> Your goal:
Set down the data below in full, exactly as it reads, but without the pictures.

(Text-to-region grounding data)

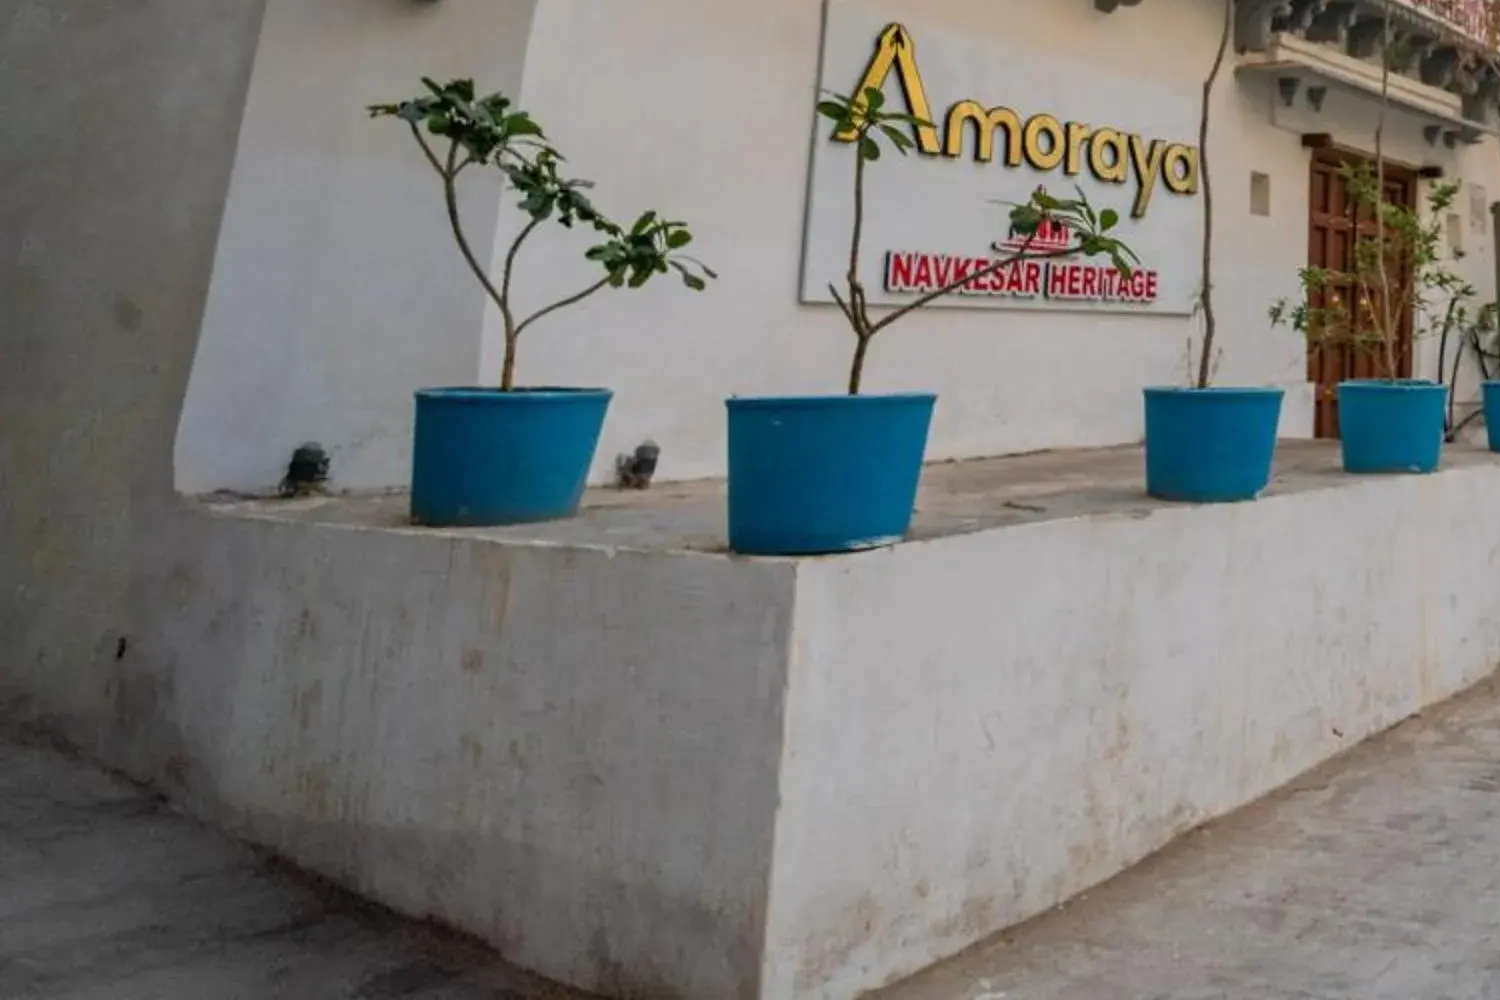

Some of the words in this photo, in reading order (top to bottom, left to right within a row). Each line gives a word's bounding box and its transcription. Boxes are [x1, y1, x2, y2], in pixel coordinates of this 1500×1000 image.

[830, 22, 1198, 219] Amoraya
[889, 252, 1041, 293] NAVKESAR
[1049, 263, 1158, 299] HERITAGE
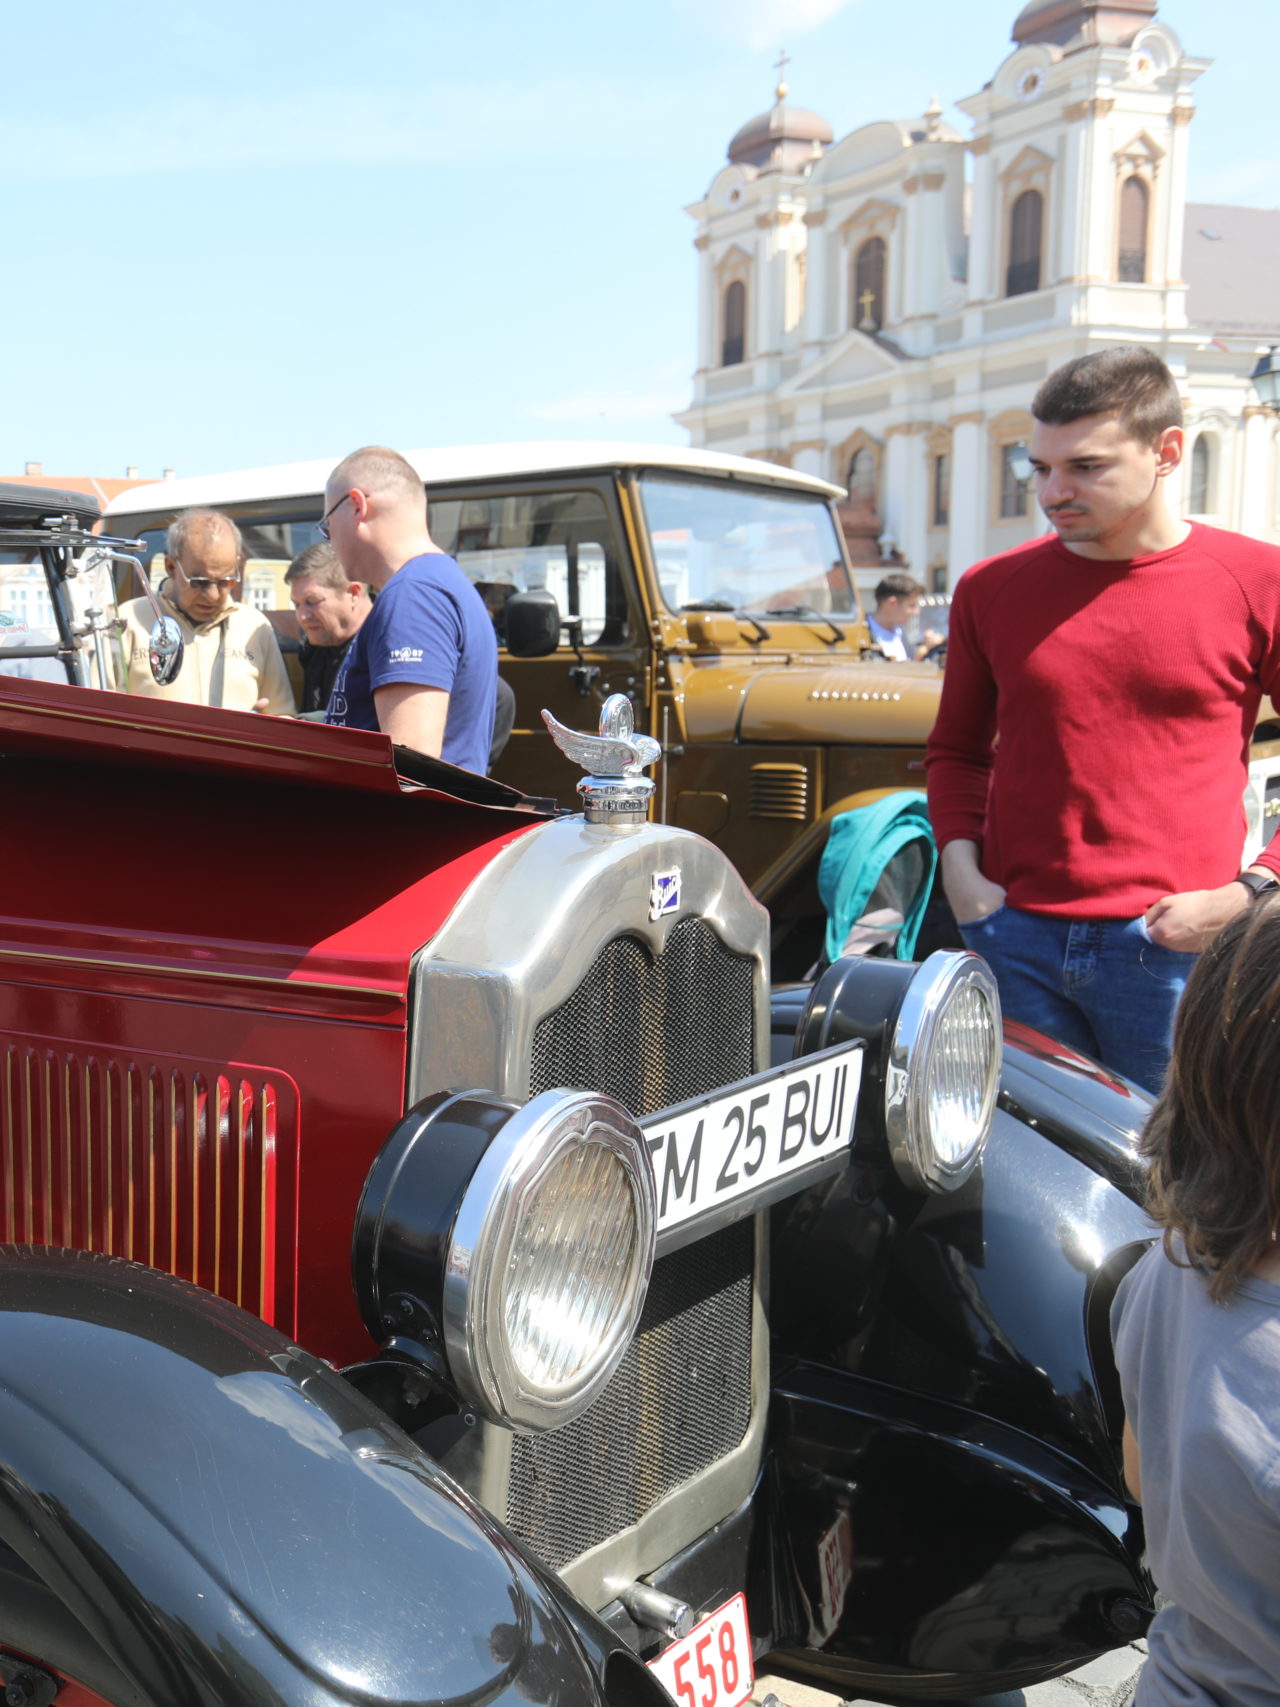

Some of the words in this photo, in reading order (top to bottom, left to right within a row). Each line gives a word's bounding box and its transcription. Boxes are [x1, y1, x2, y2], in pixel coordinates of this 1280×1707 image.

[715, 1093, 770, 1193] 25
[778, 1064, 848, 1163] BUI
[673, 1620, 740, 1707] 558
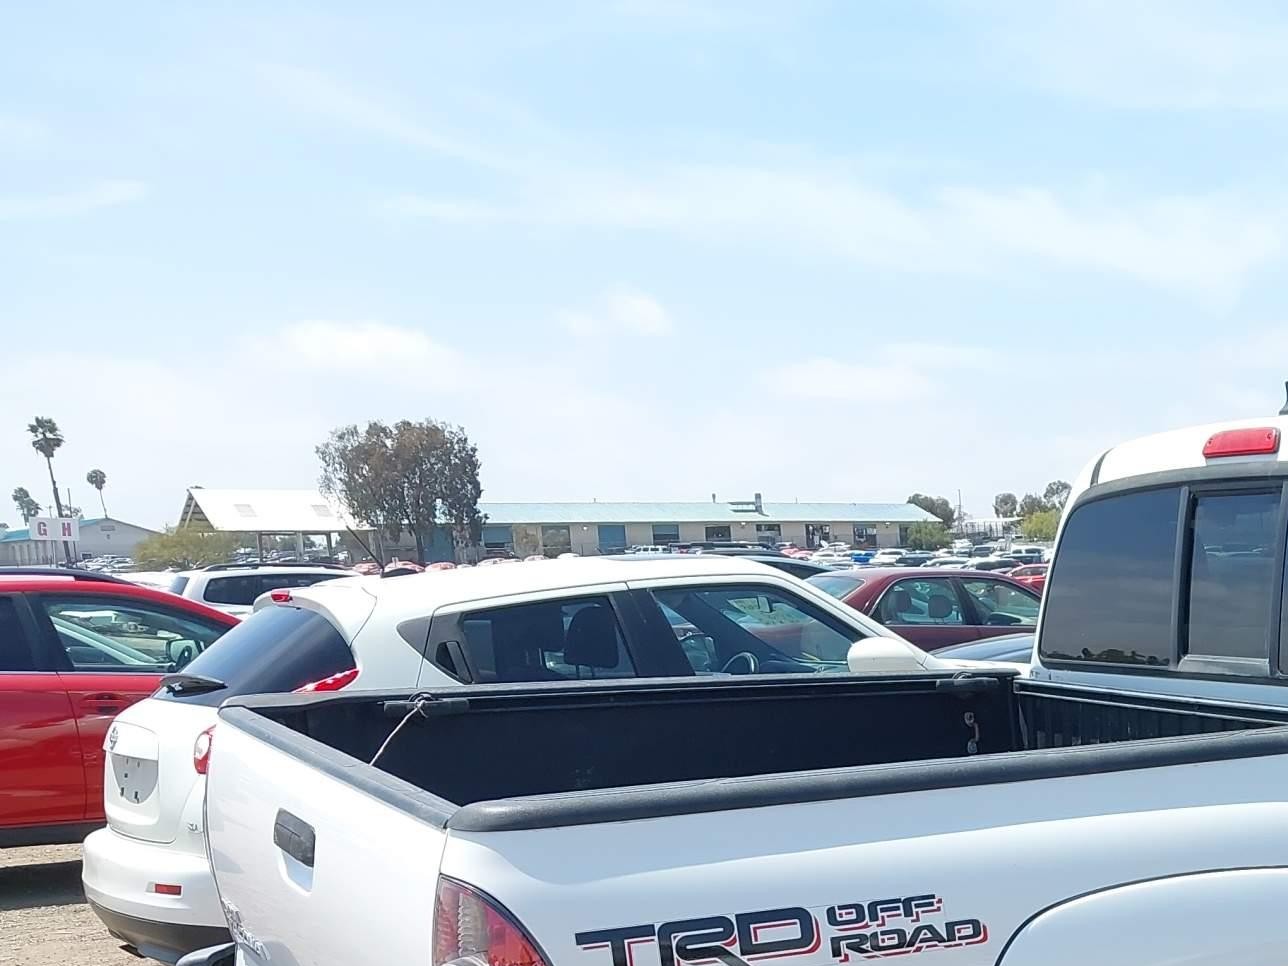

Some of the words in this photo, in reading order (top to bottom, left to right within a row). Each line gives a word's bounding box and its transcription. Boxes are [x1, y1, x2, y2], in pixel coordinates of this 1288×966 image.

[37, 521, 48, 537] G
[61, 522, 72, 537] H
[826, 893, 942, 931] OFF
[829, 918, 989, 963] ROAD

> Answer space:
Some of the words in this photo, in reading order (top to bottom, left to right within a row). Each line gives a word's bounding box and its transcription. Boxes are [x1, y1, x2, y2], in pixel coordinates of this 1500×1000 image.

[830, 22, 1198, 219] Amoraya
[889, 252, 1041, 293] NAVKESAR
[1049, 263, 1158, 299] HERITAGE

Some of the words in this photo, in reading order (top to bottom, left to right within a row). Each line gives a word's bounding box and its transcription. Boxes are [x1, y1, x2, y2], in pixel coordinates of this 1280×1707 image.

[715, 1093, 770, 1193] 25
[778, 1064, 848, 1163] BUI
[673, 1620, 740, 1707] 558

Some of the words in this photo, in reading order (top to bottom, left to right within a row). Each line gives a word's bounding box and its transcription. Boxes are [x1, y1, x2, y2], in pixel coordinates of this 1288×966 image.

[37, 521, 48, 537] G
[61, 522, 72, 537] H
[826, 893, 942, 931] OFF
[829, 918, 989, 963] ROAD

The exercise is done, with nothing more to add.